The Turkish saying roughly translates into “How do you tally eating this pickled cabbage pickle your diet.” In other words it is meant to highlight a contradiction or an odd situation that simply does not add up.
That's how the start of the story read in the paper version, which I read over breakfast. And the cited Turkish saying, as translated there, is certainly hard for foreigners to understand: "How do you tally eating this pickled cabbage pickle your diet."
The online version offers a less inscrutable translation: "How do you tally eating this pickled cabbage with your diet."

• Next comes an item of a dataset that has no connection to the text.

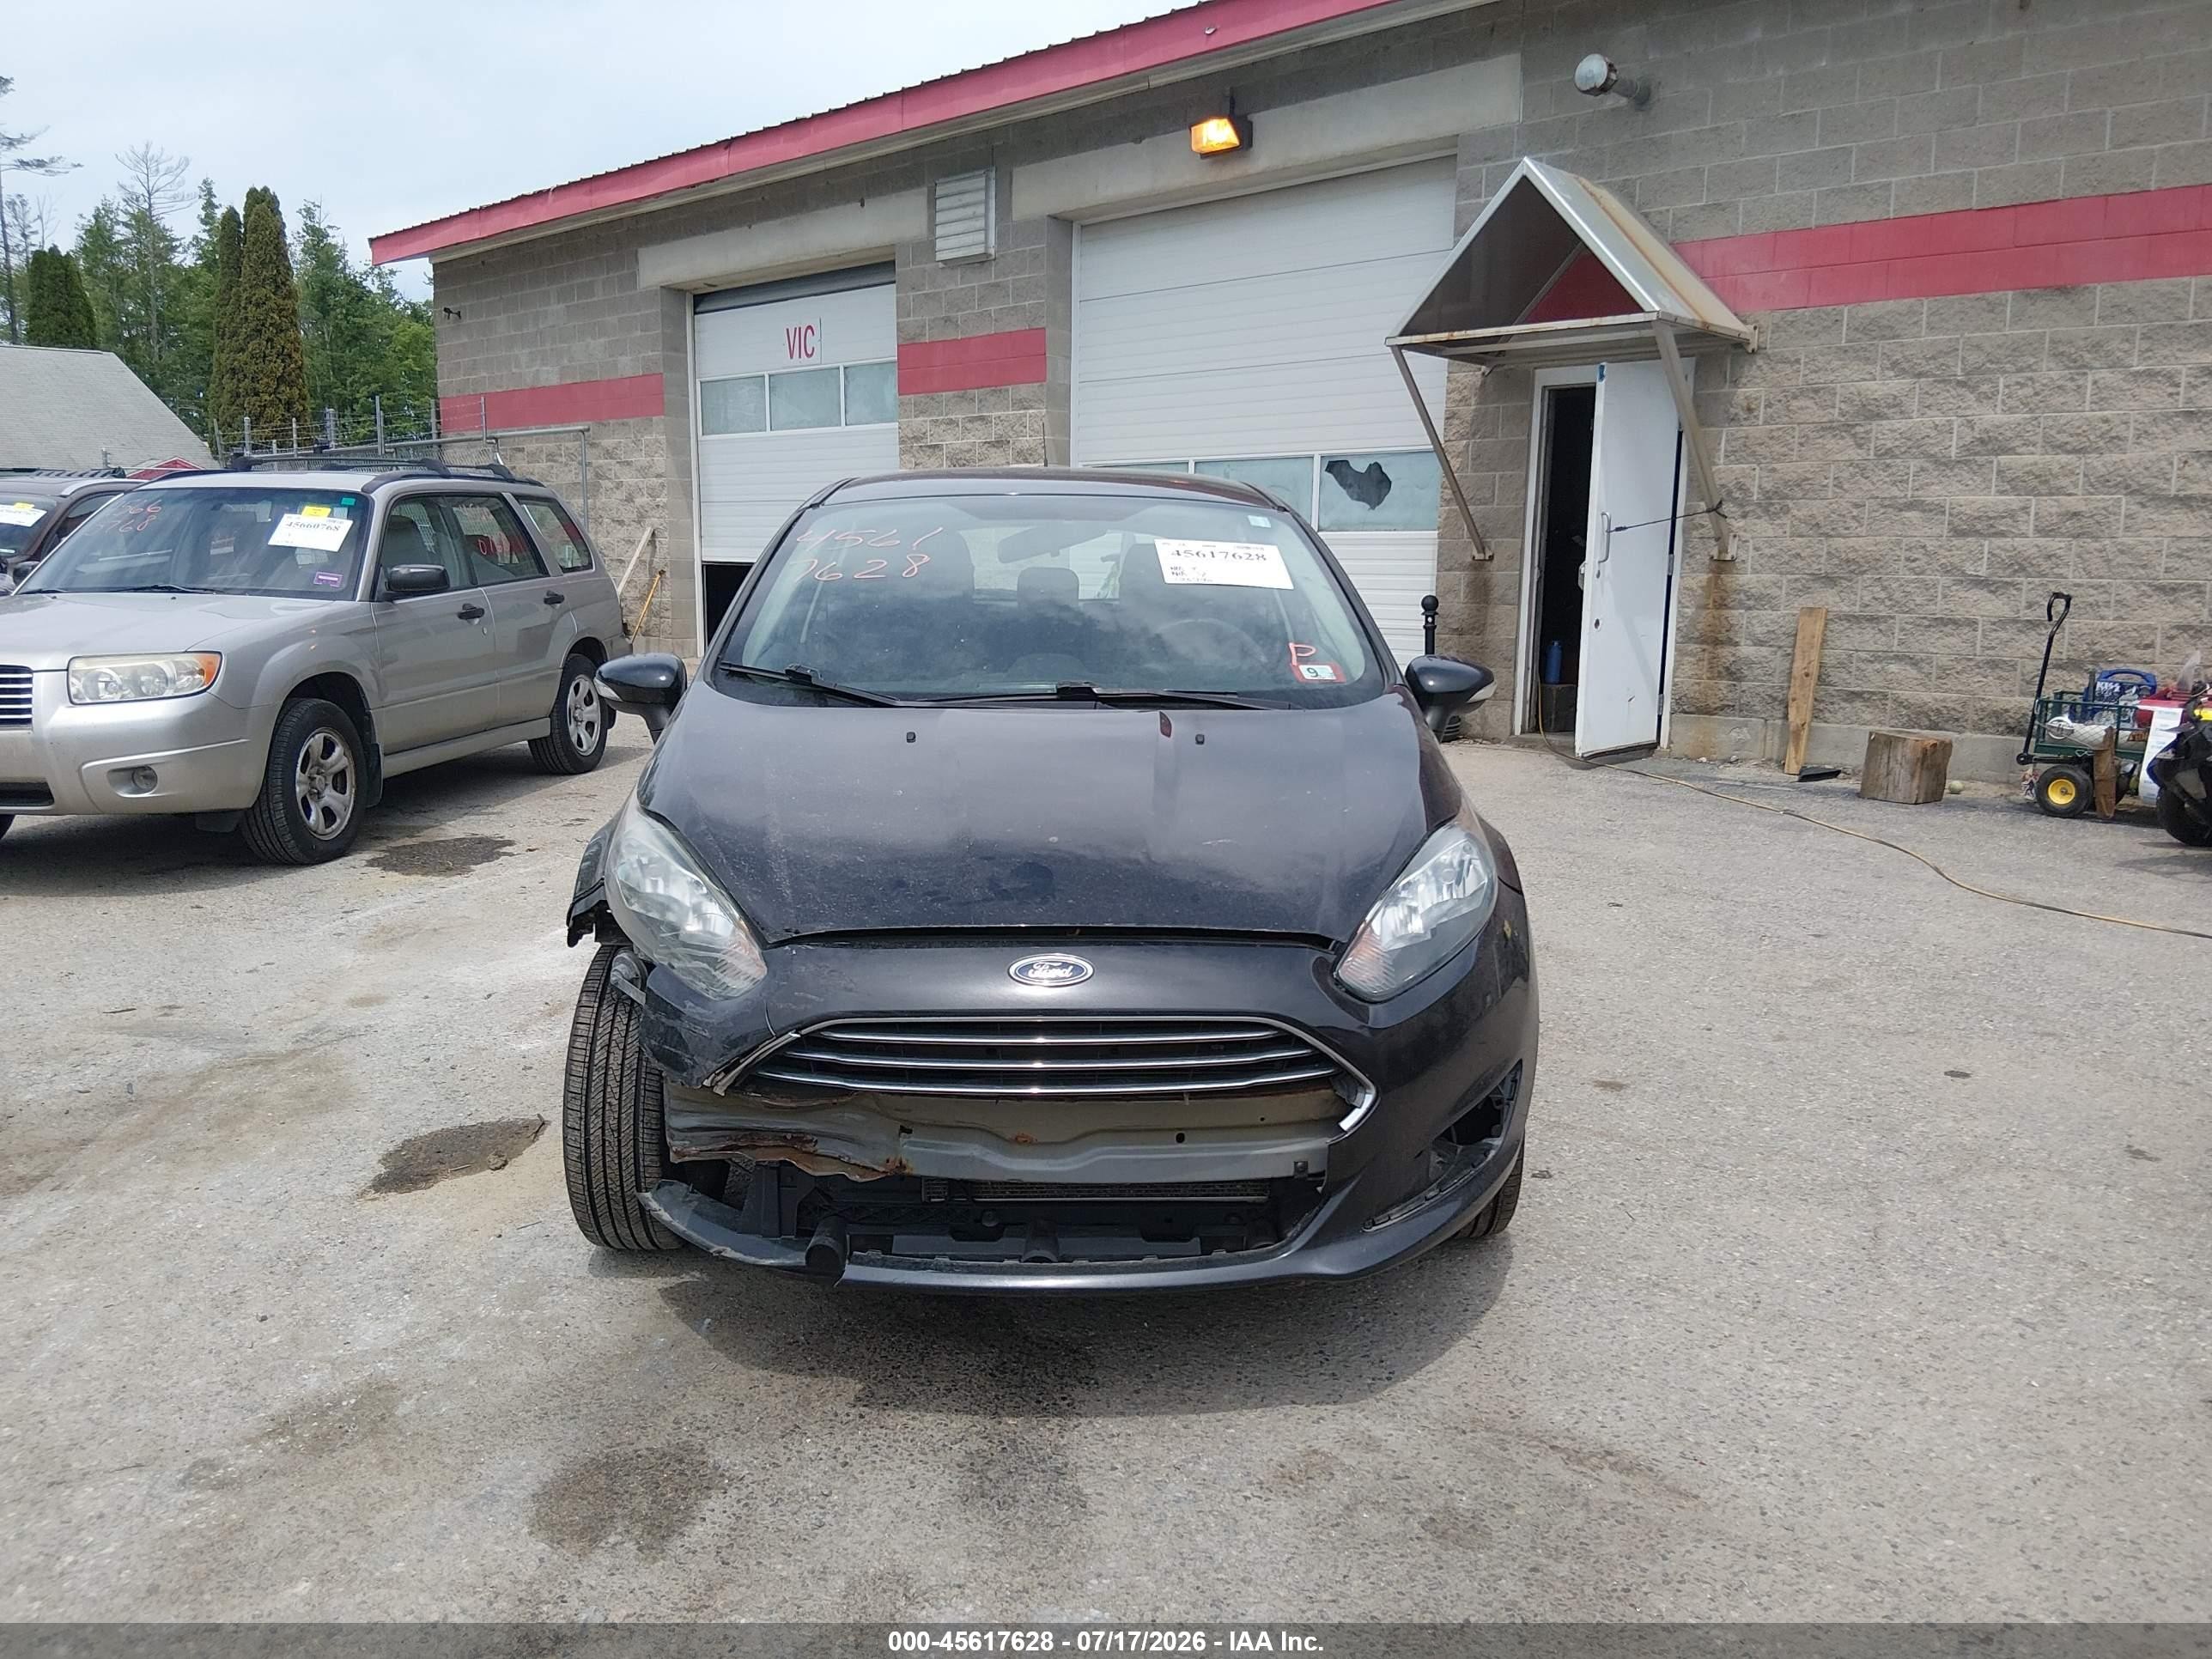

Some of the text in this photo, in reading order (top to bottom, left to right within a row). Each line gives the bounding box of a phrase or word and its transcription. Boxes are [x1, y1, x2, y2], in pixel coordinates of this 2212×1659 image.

Still, I felt that something in the original was missing, given the parallelism "bu ne … bu ne …". I'm sorry to say that I don't know any Turkish; but using various online sources, my guess at an interlinear gloss is something like the following (replacing the HDN's "pehriz" with the apparently correct spelling "perhiz" = "diet"):
|What's this diet? What's this pickled cabbage?|
The culturally-appropriate meaning of the saying — the suggestion of inconsistency — is indeed not completely transparent. Perhaps the "bu ne X bu ne Y" structure has a general implication in Turkish of "given X, what's the story with Y?"

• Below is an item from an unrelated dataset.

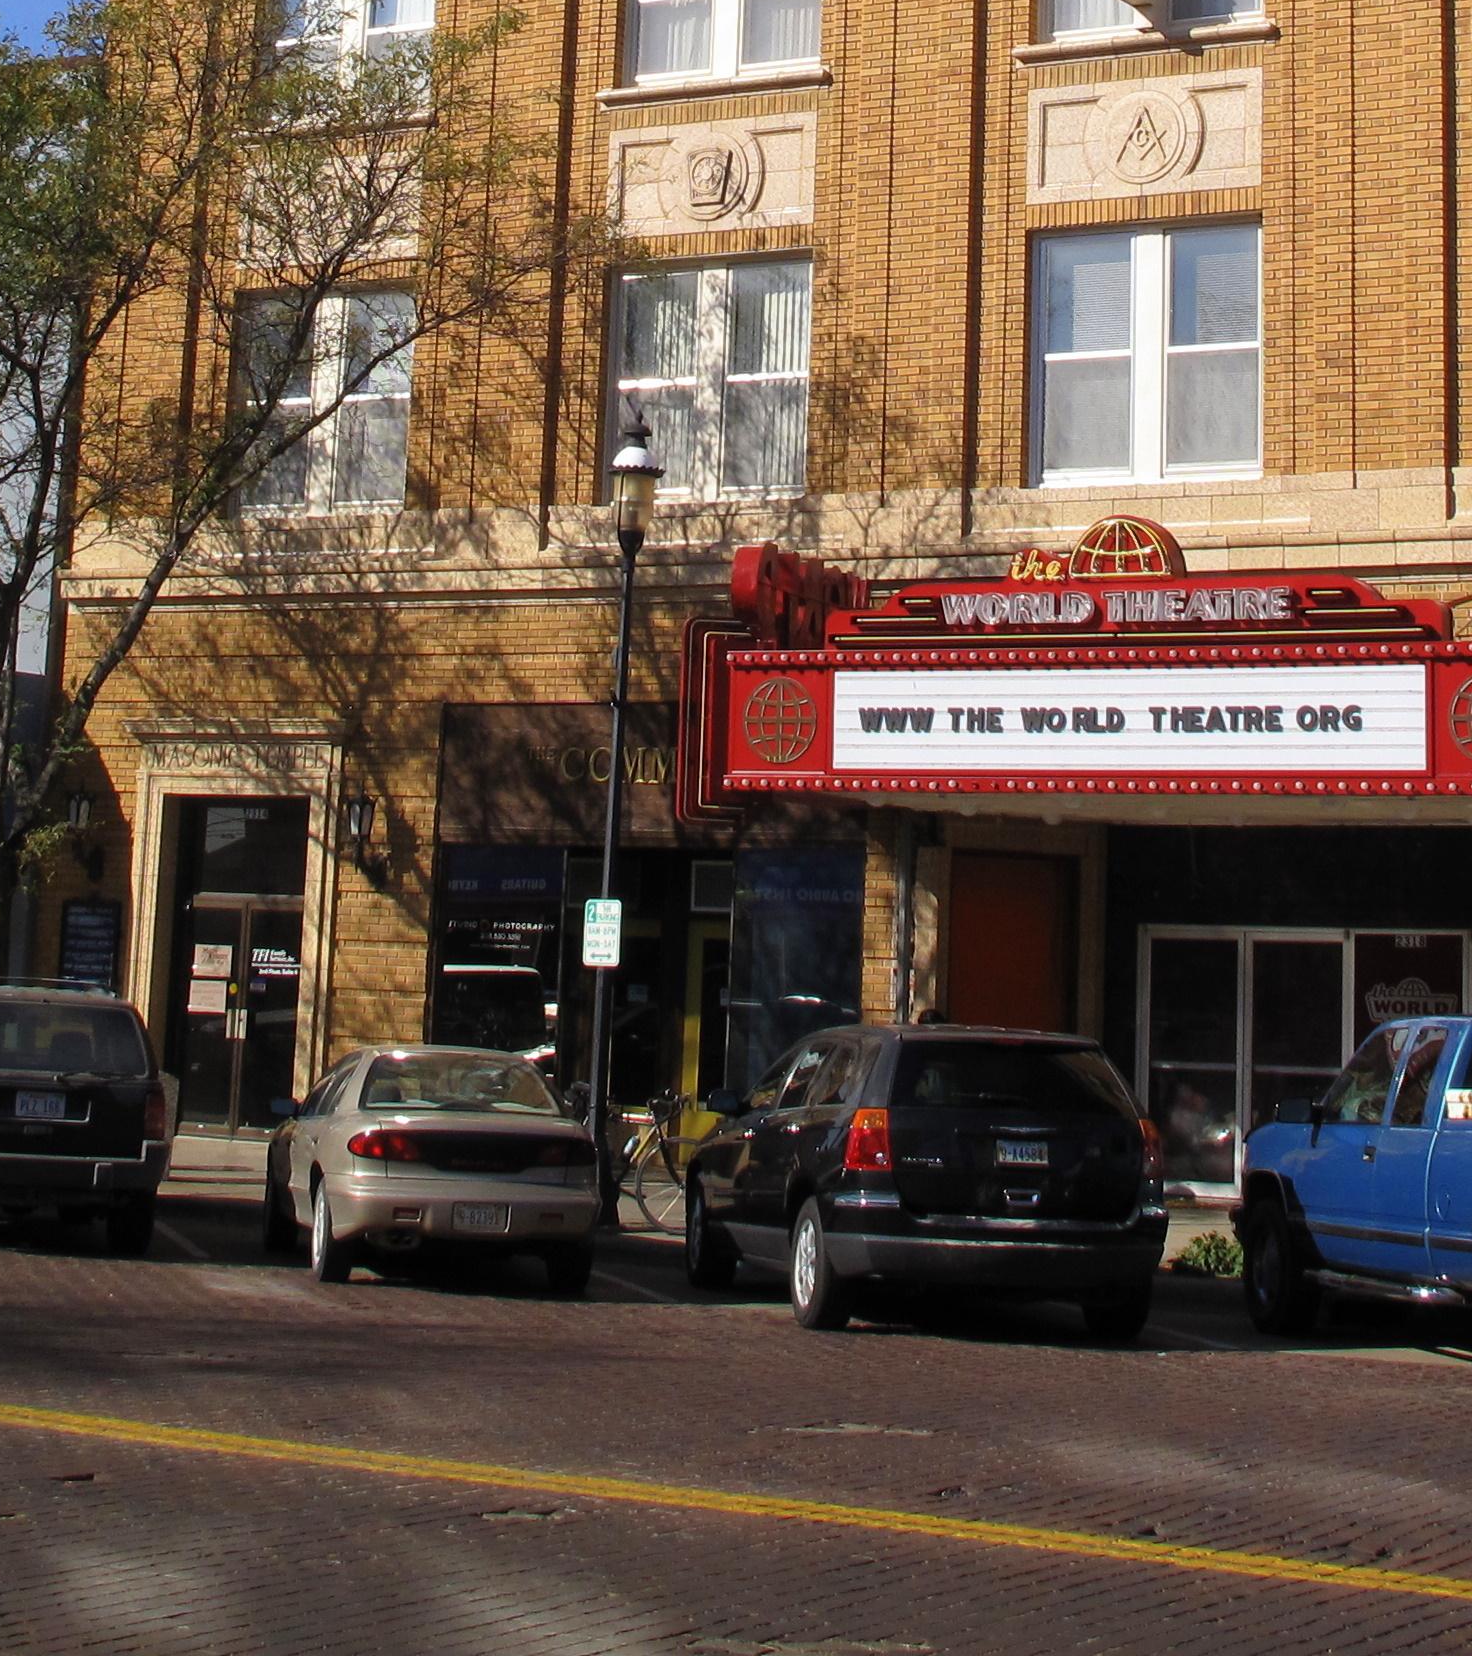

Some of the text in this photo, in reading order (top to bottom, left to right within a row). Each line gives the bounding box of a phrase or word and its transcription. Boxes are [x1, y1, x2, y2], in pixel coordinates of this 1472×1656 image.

The "pickled cabbage" here is a statement that Turkish Prime Minister Erdoğan recently made in Pakistan, urging a full U.S. apology for the mistaken air raid that killed 24 Pakistani soldiers at the Salala border post last November. The contextual "diet" is the Turkish government's refusal to apologize for the mistaken air raid last December that killed 34 Kurdish civilians from the Uludere district on the Iraqi border.